To care for other people means you have a moral responsibility toward them, said Professor Yusef Waghid, Dean of the Faculty of Education at Stellenbosch University (SU) on Wednesday (20 April).  He was the keynote speaker at a two-day service-learning research colloquium (20 and 21 April) hosted by SU at the Wallenberg Research Centre at the Stellenbosch Institute of Advanced Studies (STIAS).

The theme of the colloquium, organised by the South African Higher Education Community Engagement Forum (SAHECEF), was “ServiceLearning: Innovations for the Next Decade”.  SAHECEF was formed in 2009 to promote community interaction at tertiary institutions.

Professor Yusef Waghid at the service-learning colloquium. (Photo: Justin Alberts)

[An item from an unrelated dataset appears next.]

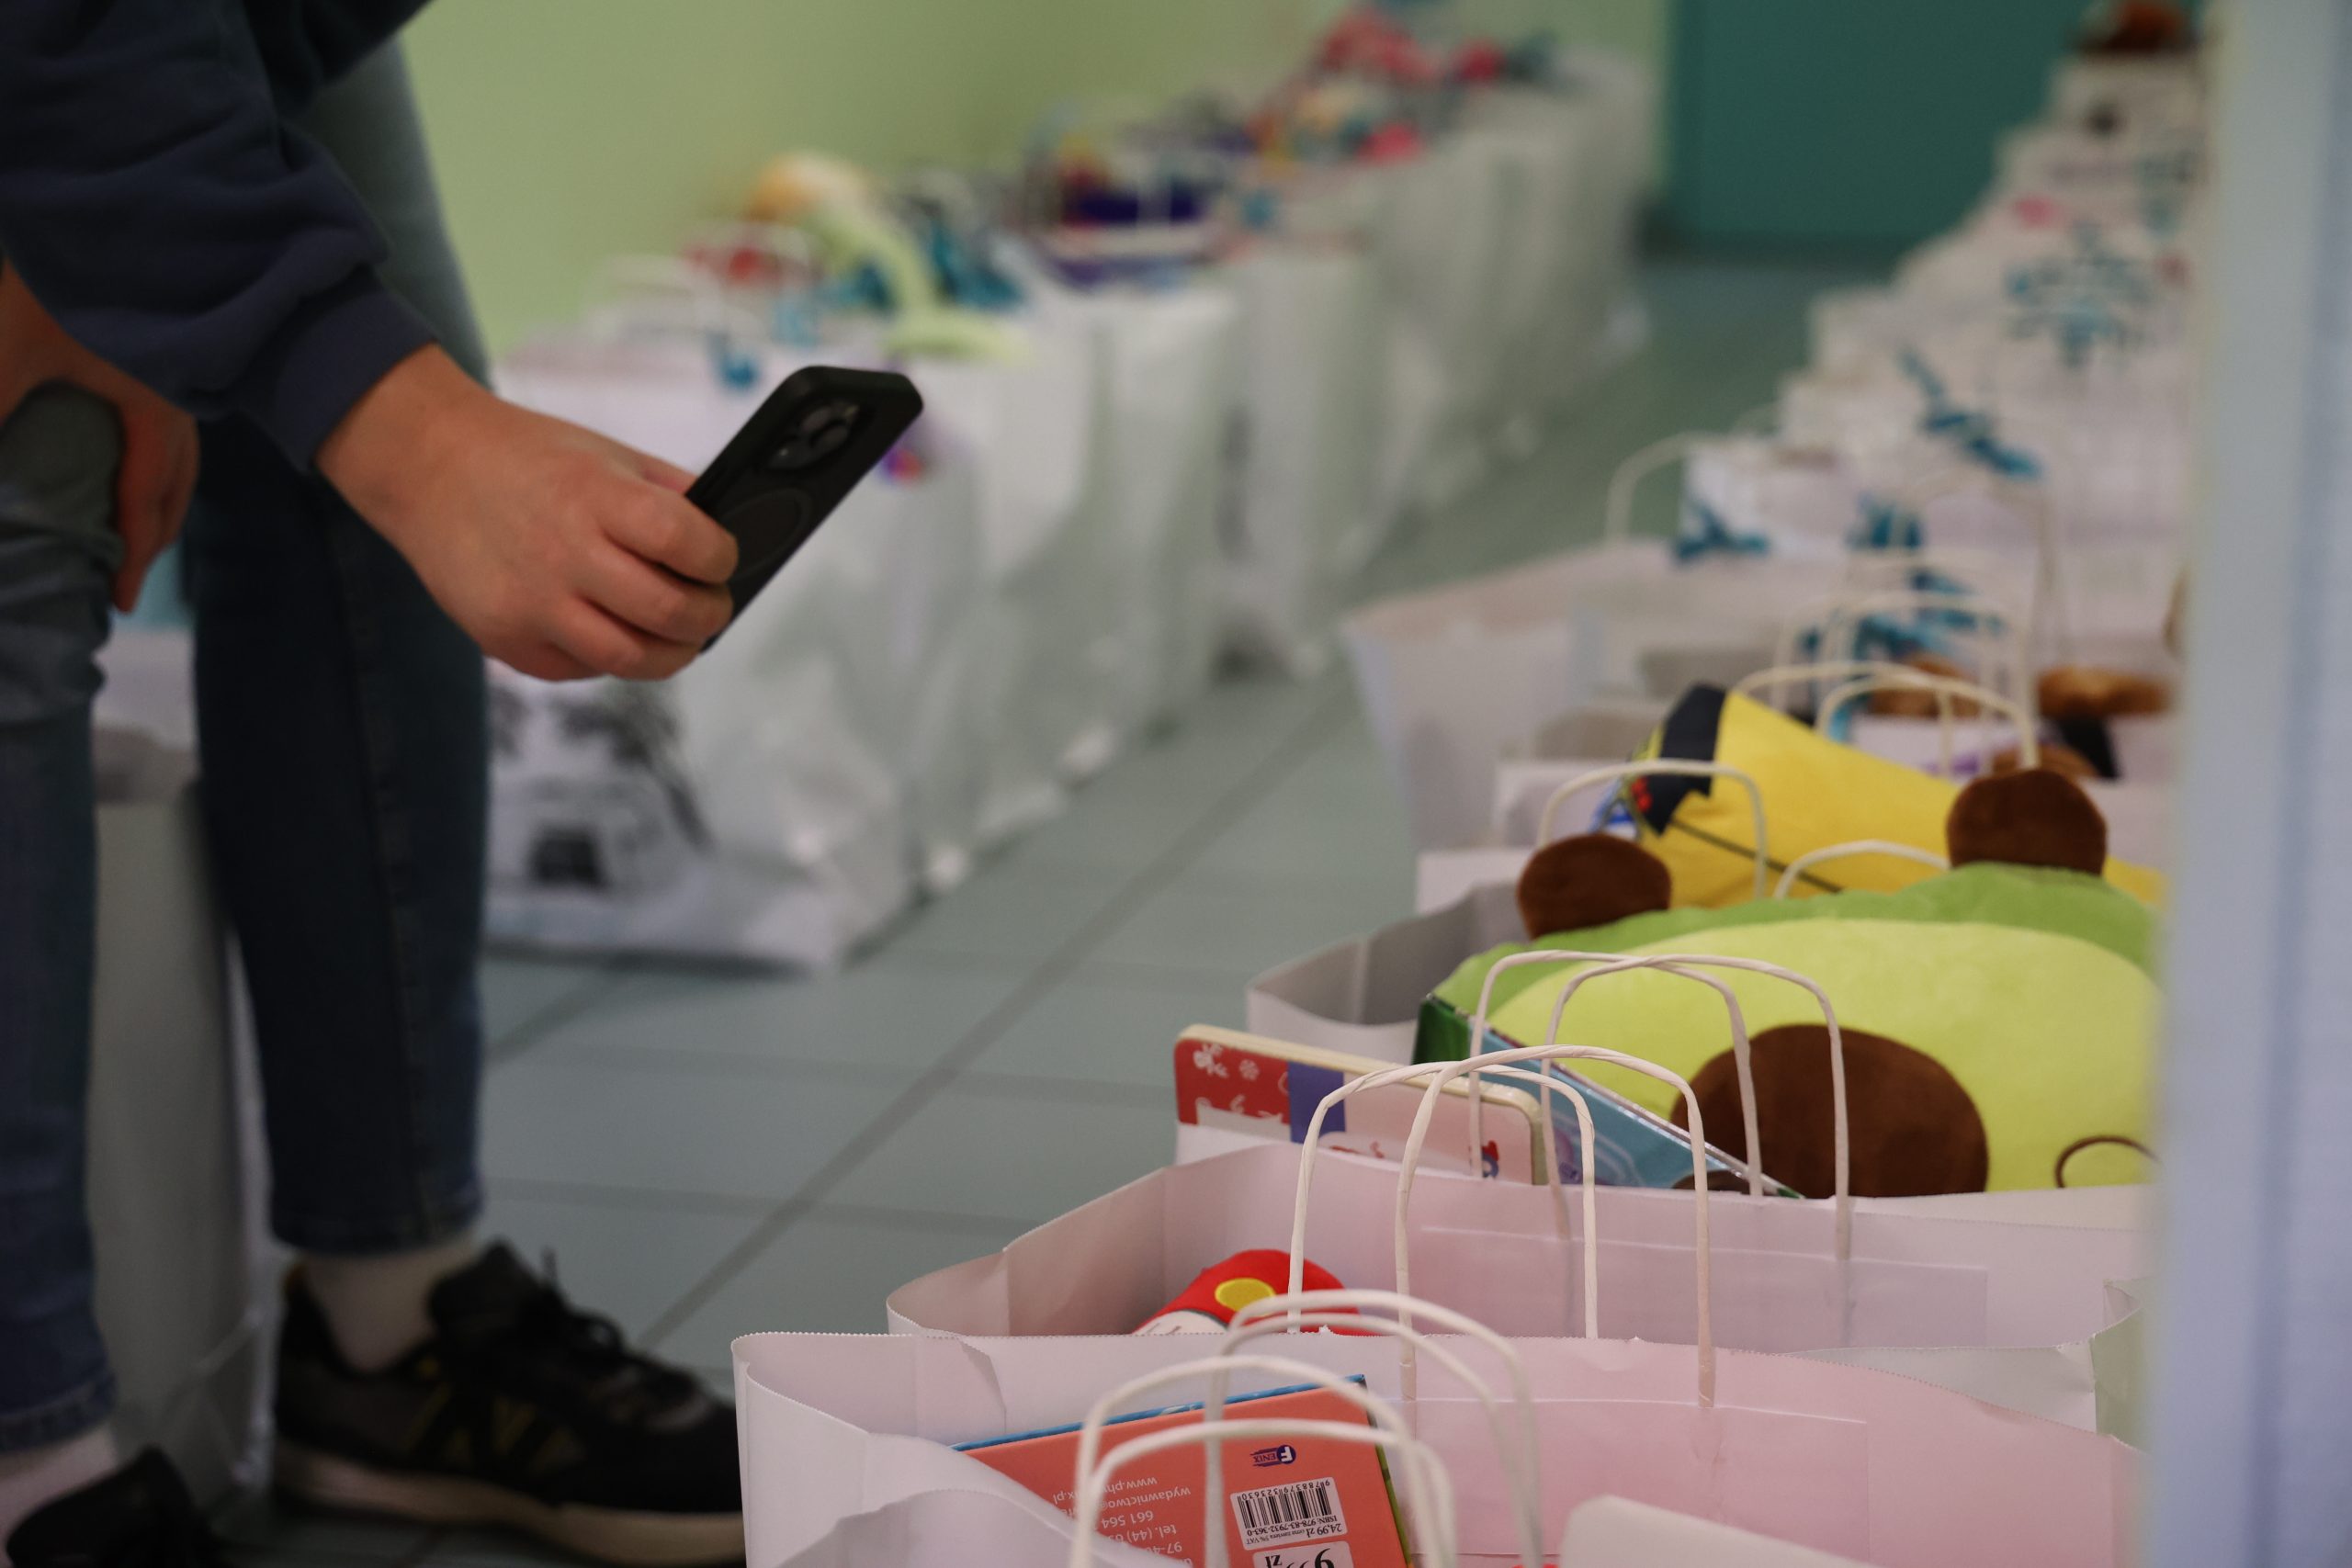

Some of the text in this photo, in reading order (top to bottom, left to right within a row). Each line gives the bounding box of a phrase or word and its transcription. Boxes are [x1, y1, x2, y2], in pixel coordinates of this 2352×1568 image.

According to Prof Waghid, universities should educate students to care for other people. They should learn sensitivity for what happens to other people, to acknowledge the humanity of others and to respect them.

“The learning process must focus on forgiveness, hospitality, risk-taking, non-violence and opportunities for engagement. We need a cosmopolitan learning that will make people feel welcome,” he said.

To care for others implies the protection of the marginalised in society. Prof Waghid argued that other groups must also be regarded as important, and what you demand for you own community must also be extended to other communities.

Furthermore, he was of the opinion that to care for other people has nothing to do with an uncritical loyalty. Someone who does something wrong should not be followed blindly and those who are hostile toward others must be challenged to explain their action.

According to him, university curricula lack an ethics of care and students are not always encouraged to participate in the learning process.  “We can only speak of service-learning when learning serves the other,” Prof Waghid said.

Prof Julian Smith, Vice-Rector: Community Interaction at SU, welcomed the 65 delegates and said this conference emphasises the dynamism, impact and value of service-learning and community interaction. It also shows that service-learning has become an important part of the higher education debate.